Nova Scotia gas retailers worried shortage could happen again

By Michael Tutton, The Canadian Press

HALIFAX – Two Nova Scotia gas retailers say they’re concerned shortages that closed stations on the weekend could happen again because the province relies on tanker deliveries by sea.

Motorists lined up at gas stations that had fuel on Monday morning after a shortage of gasoline caused some outlets to temporarily close or only provide some grades of gasoline.

Wade Sullivan, the owner of the Fas Gas outlet in New Glasgow, said motorists were backed up about 100 metres from his pumps on Monday morning because other stations in northeastern Nova Scotia had empty tanks.

He linked the shortage to the conversion of an Imperial Oil refinery in Halifax to a tank farm at the end of 2013, meaning retailers rely heavily on shipments of refined gasoline being brought in by ship.

“If the ship shows on time with product on time, that’s it. If it doesn’t then we’re in a situation like this,” Sullivan said in a telephone interview.

A spokesman for Imperial Oil said in an email that the company had a supply of gasoline by early Monday and resumed deliveries. Merle MacIsaac declined to provide any further comment on the shortage or the reasons behind it.

David Collins, vice-president of Wilson Fuel Co. Ltd., said he expects it will take the rest of the week for supplies to reach all of his chain’s 55 stations.

He also tied the shortages to the closure of the refinery, adding he feels the shortages could happen again, citing the weather as a factor in getting ships into port.

“If you’re supplied by boats and it’s hurricane season … it could just be a weather problem that they can’t get the tankers into the harbour,” he added.

Collins said he was told by his Imperial Oil supplier last week that a tanker from the United States had a shipment rejected by federal inspectors because the gasoline didn’t meet required specifications.

By Friday there was no supply, he said, but a tanker did arrive on Saturday.

MacIsaac declined comment on Collins’s description of events.

Mark Furey, the province’s minister of Service Nova Scotia, said the government was surprised by the sudden shortage on one of the busiest tourism weekends of the year.

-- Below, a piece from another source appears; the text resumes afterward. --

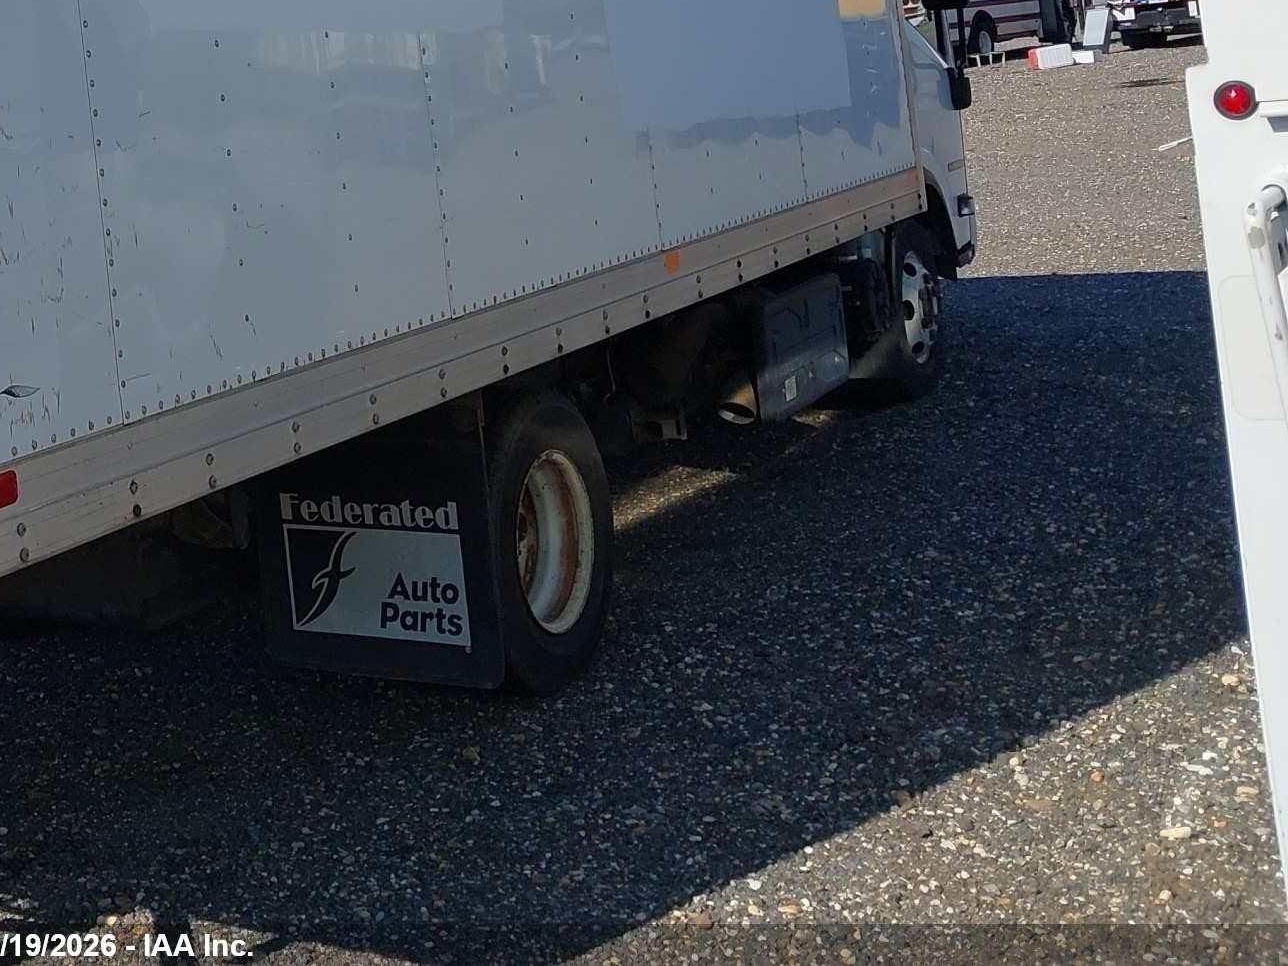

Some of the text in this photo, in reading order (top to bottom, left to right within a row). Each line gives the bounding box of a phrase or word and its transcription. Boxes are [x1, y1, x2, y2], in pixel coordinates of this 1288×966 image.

[279, 492, 459, 530] Federated
[387, 572, 460, 604] Auto
[380, 601, 463, 636] Parts

He acknowledged widespread public frustration and promised to meet with the company and consider methods to avoid another shortage.

“What’s important now is we continue to engage the industry to determine what the contributing factors were … and through that discussion ensure we don’t find ourselves in these circumstances again,” he said.

The province is creating a system to track the price and volume of gasoline sold around the province, which may improve communication between the government and industry in the future, he added.

Sullivan said it isn’t the first time independent retailers have experienced a shortage as he was told over the winter by his supplier that Imperial ran out of diesel at one point.

“There wasn’t such a panic because it didn’t get out there and they were able to manage it and get through it,” he said.

Collins said five years ago his company altered some of its largest stations to allow them to use gasoline produced by an Irving Oil refinery in Saint John, N.B.

But Irving gasoline contains ethanol and its not economic for the majority of his smaller stations to make the changes necessary to accept the mixture of gas produced in New Brunswick, he said.